Records supplied:
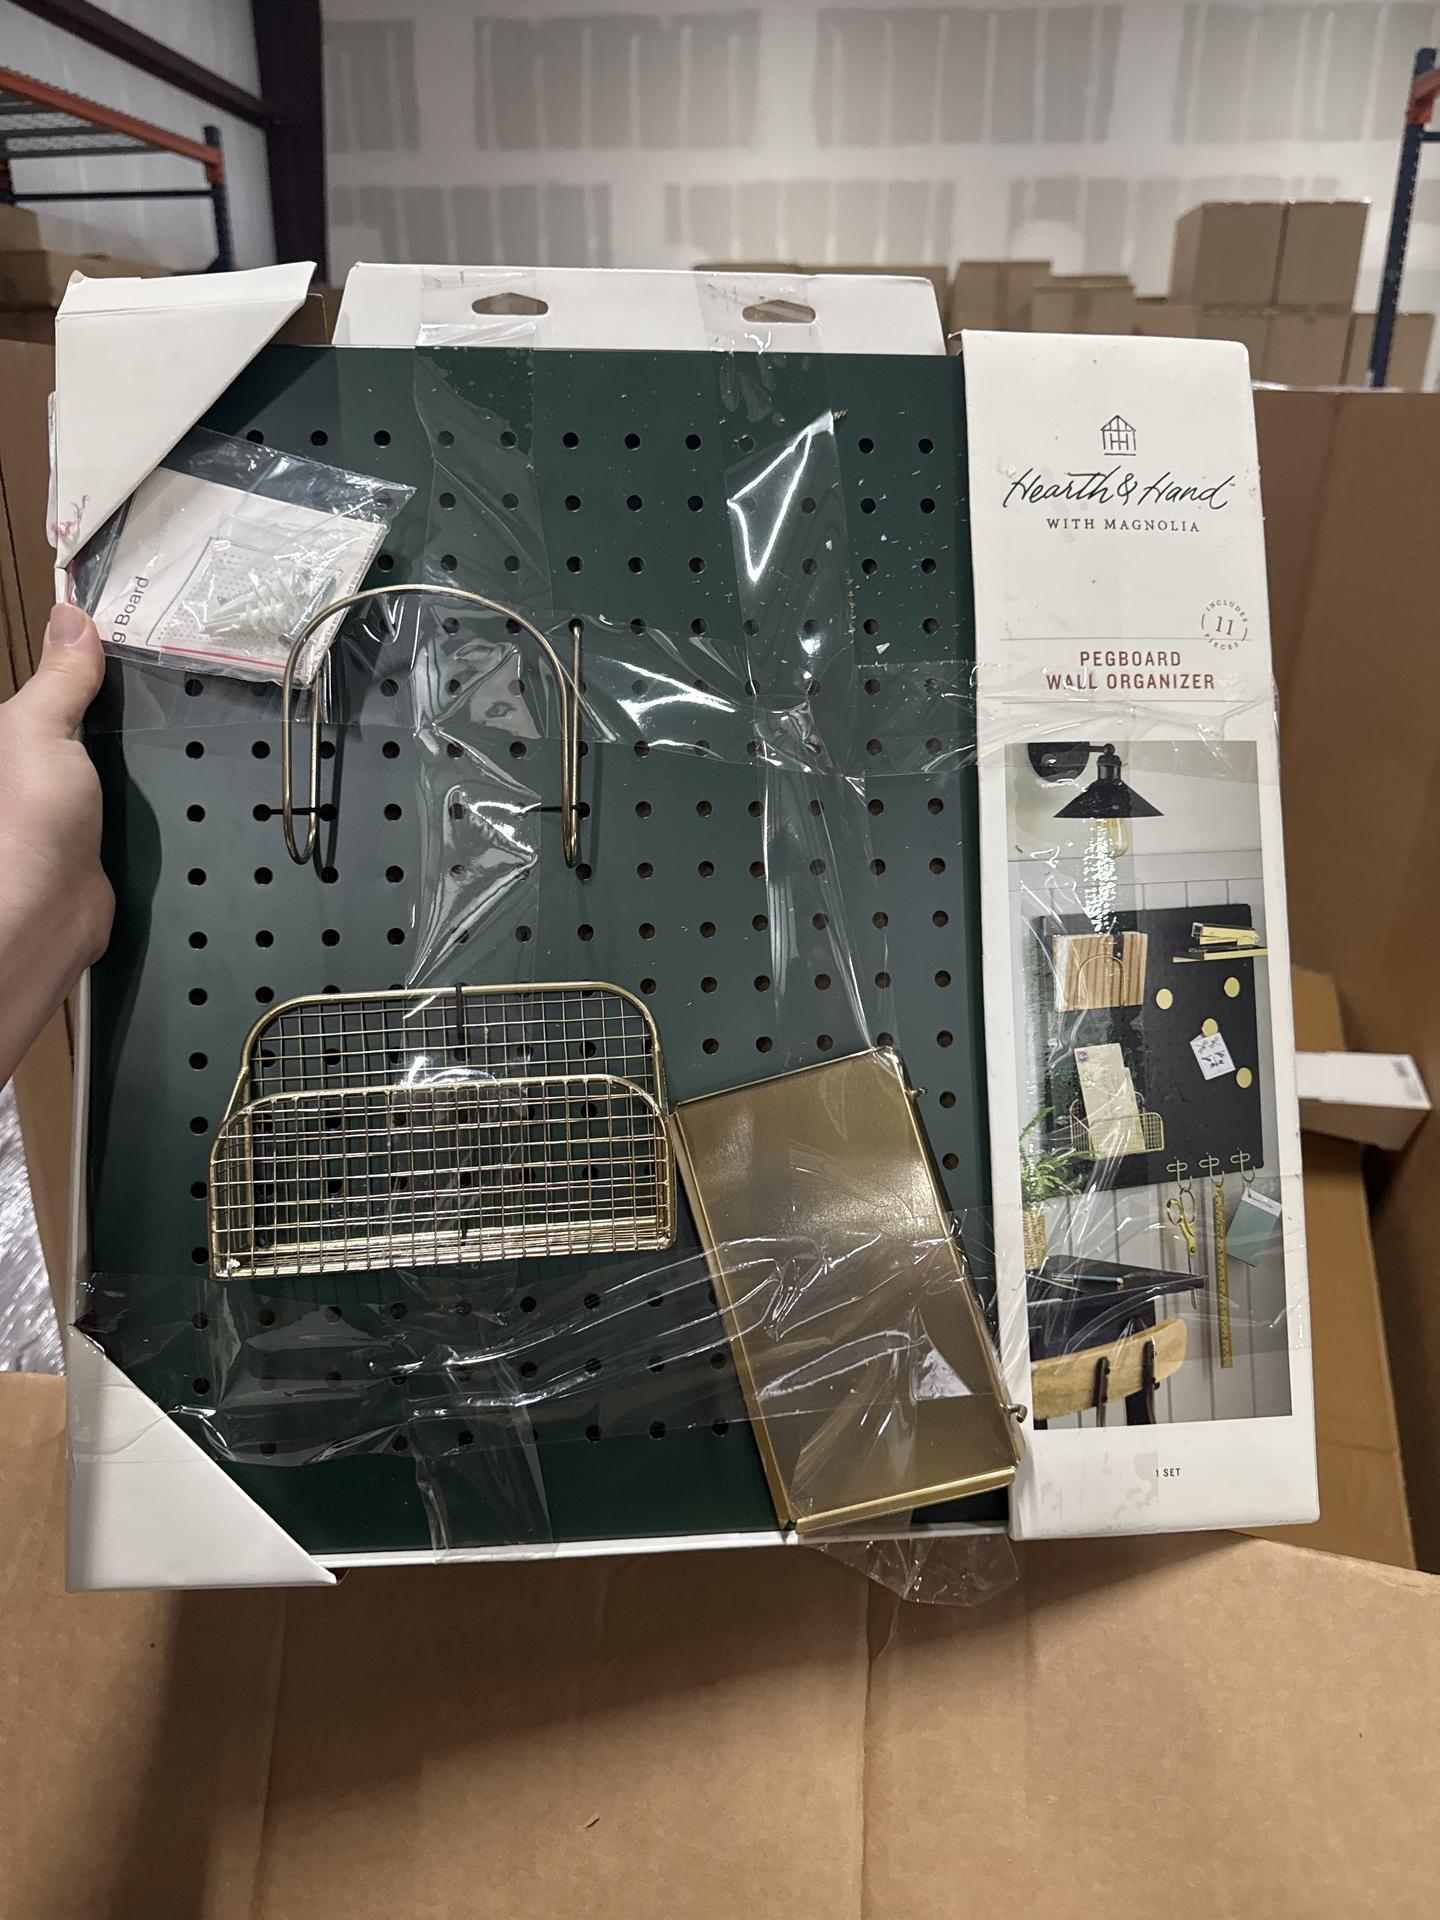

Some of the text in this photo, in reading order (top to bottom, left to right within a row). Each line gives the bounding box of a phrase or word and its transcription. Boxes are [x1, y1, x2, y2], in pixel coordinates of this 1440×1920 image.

[1002, 465, 1121, 508] Hearth
[1117, 472, 1138, 506] &
[1046, 518, 1200, 533] WITH MAGNOLIA
[114, 575, 150, 626] Board
[1205, 599, 1248, 623] INCLUDES
[1215, 615, 1233, 636] 11
[1079, 650, 1182, 667] PEGBOARD
[1046, 673, 1216, 690] WALL ORGANIZER
[1163, 1467, 1181, 1478] SET

Work request: When you print the entries, keep every line exactly as it is and drop the pictures.

Answer to the problem:
Some of the text in this photo, in reading order (top to bottom, left to right within a row). Each line gives the bounding box of a phrase or word and its transcription. Boxes are [x1, y1, x2, y2], in pixel coordinates of this 1440×1920 image.

[1002, 465, 1121, 508] Hearth
[1117, 472, 1138, 506] &
[1046, 518, 1200, 533] WITH MAGNOLIA
[114, 575, 150, 626] Board
[1205, 599, 1248, 623] INCLUDES
[1215, 615, 1233, 636] 11
[1079, 650, 1182, 667] PEGBOARD
[1046, 673, 1216, 690] WALL ORGANIZER
[1163, 1467, 1181, 1478] SET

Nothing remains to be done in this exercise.